Outside, a graveyard of plant roots litters the property. Drug agents punched holes in water tanks, Mayfield said, and cut electrical lines. Mayfield said Schmidt fashioned Genesis 1:29 as his redemption, his payback to society. In the early 1980s, federal officials say, Schmidt was busted for pot smuggling and spent several years in prison. The goal of Genesis, Mayfield said, was to free people who couldn’t cultivate--the old, the infirm, those stuck in cramped apartments--of the black market’s dangers.
Though drug agents put the value of the Genesis crop at more than $1 million, Schmidt told medical marijuana activists he planned to sell it for far less. Top grade pot goes for about $4,800 a pound on the street, but Schmidt’s marijuana was expected to sell for $2,000 a pound, said Lynette Shaw, founder of the Marin Alliance for Medical Marijuana. “This,” she said, “was a devastating loss for patients in the North Bay Area.”

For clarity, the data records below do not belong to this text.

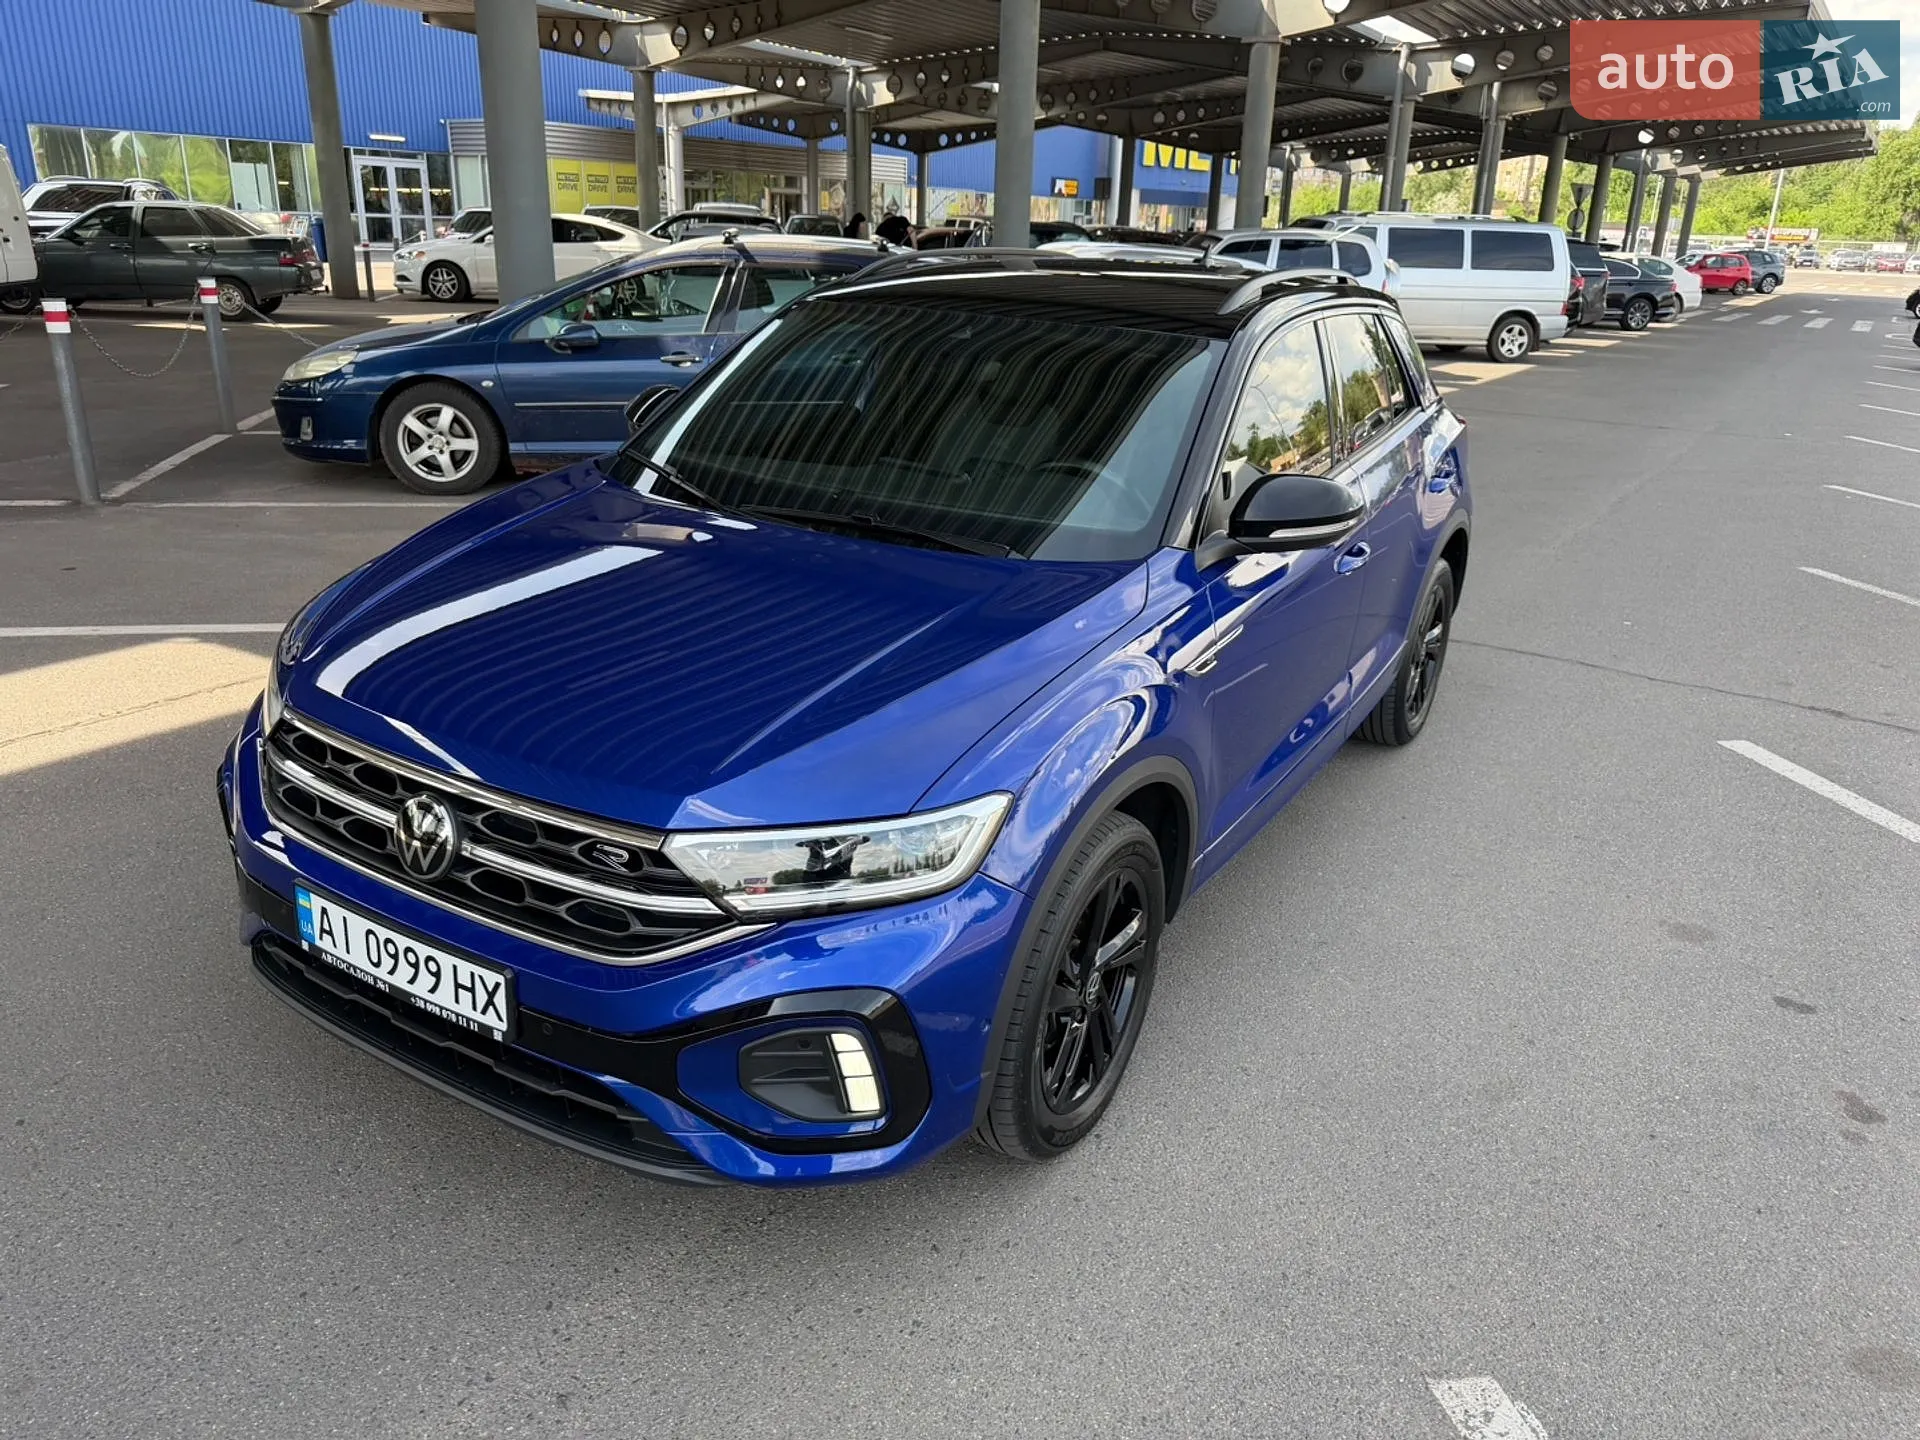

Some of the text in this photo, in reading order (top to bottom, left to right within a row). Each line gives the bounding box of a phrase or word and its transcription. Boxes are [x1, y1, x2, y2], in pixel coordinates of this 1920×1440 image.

[557, 183, 579, 192] DRIVE
[588, 184, 608, 193] DRIVE
[617, 186, 637, 194] DRIVE
[301, 920, 314, 935] UA
[318, 905, 505, 1023] AI 0999 HX

But the neighbors on Martin Lane say all the risk was being dumped on them.
What’s needed now, the neighbors reason, is for government to sort out the conflict between state and federal law. That won’t come quickly, they realize, so they have united behind a push for change in local law. Last week, they dispatched a letter to Sonoma County supervisors asking that zoning rules be altered to put residential areas off limits to medicinal marijuana farms.
“We want it regulated, zoned,” Begun said. Mike Mullins, Sonoma County district attorney, said the folks on Martin Lane “had every right to be afraid.” But zoning restrictions would merely shift the problem to rural areas, he added. The solution must be faced head on: Either legalize medical use of marijuana across America or end what in California has become “an absurd situation.”

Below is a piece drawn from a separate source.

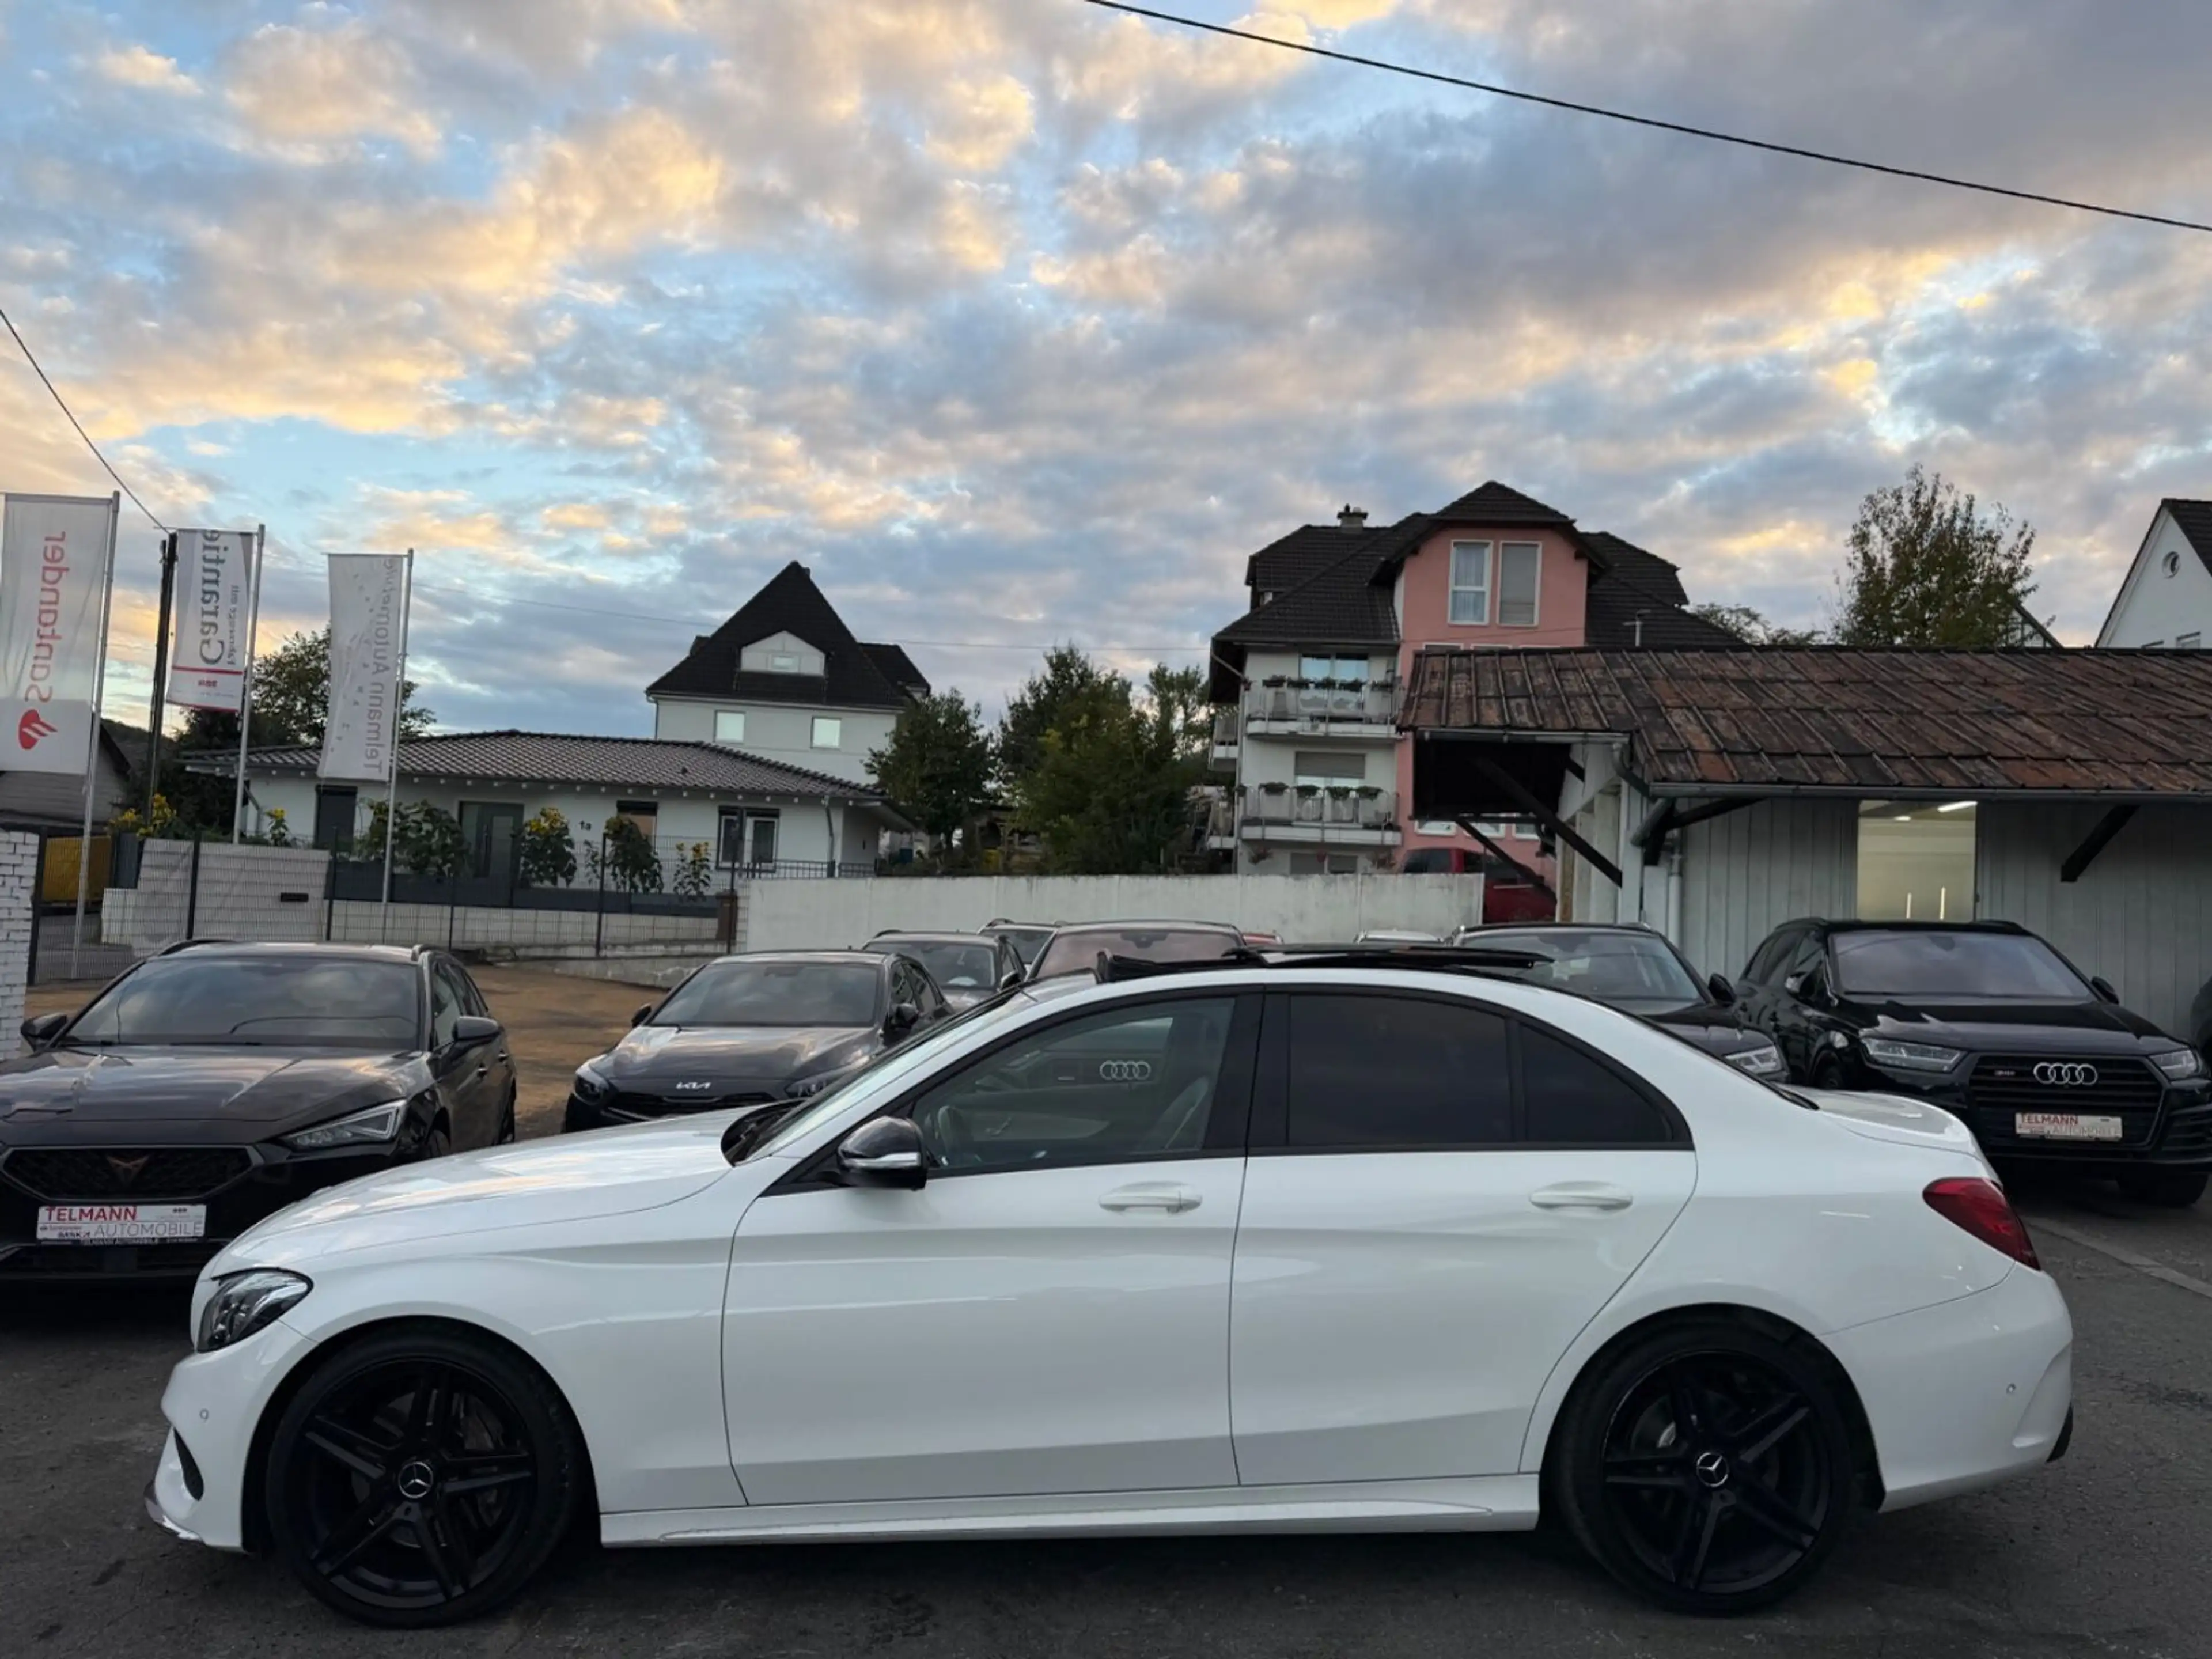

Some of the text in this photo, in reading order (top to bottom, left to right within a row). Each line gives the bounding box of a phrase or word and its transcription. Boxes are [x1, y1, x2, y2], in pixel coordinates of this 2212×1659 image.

Supervisor Mike Reilly, a Proposition 215 supporter, admits he’s unsure how land-use rules apply to a crop that is “quasi-legal to begin with.” Reilly hopes the medical marijuana community will learn to avoid farming in residential areas.
On Martin Lane, the old peace has returned. Schmidt is in federal custody. His pot farm is dismantled. But some neighbors remain ill at ease--about being cast as villains by medical marijuana boosters, about retribution. And about the fate of Robert Schmidt.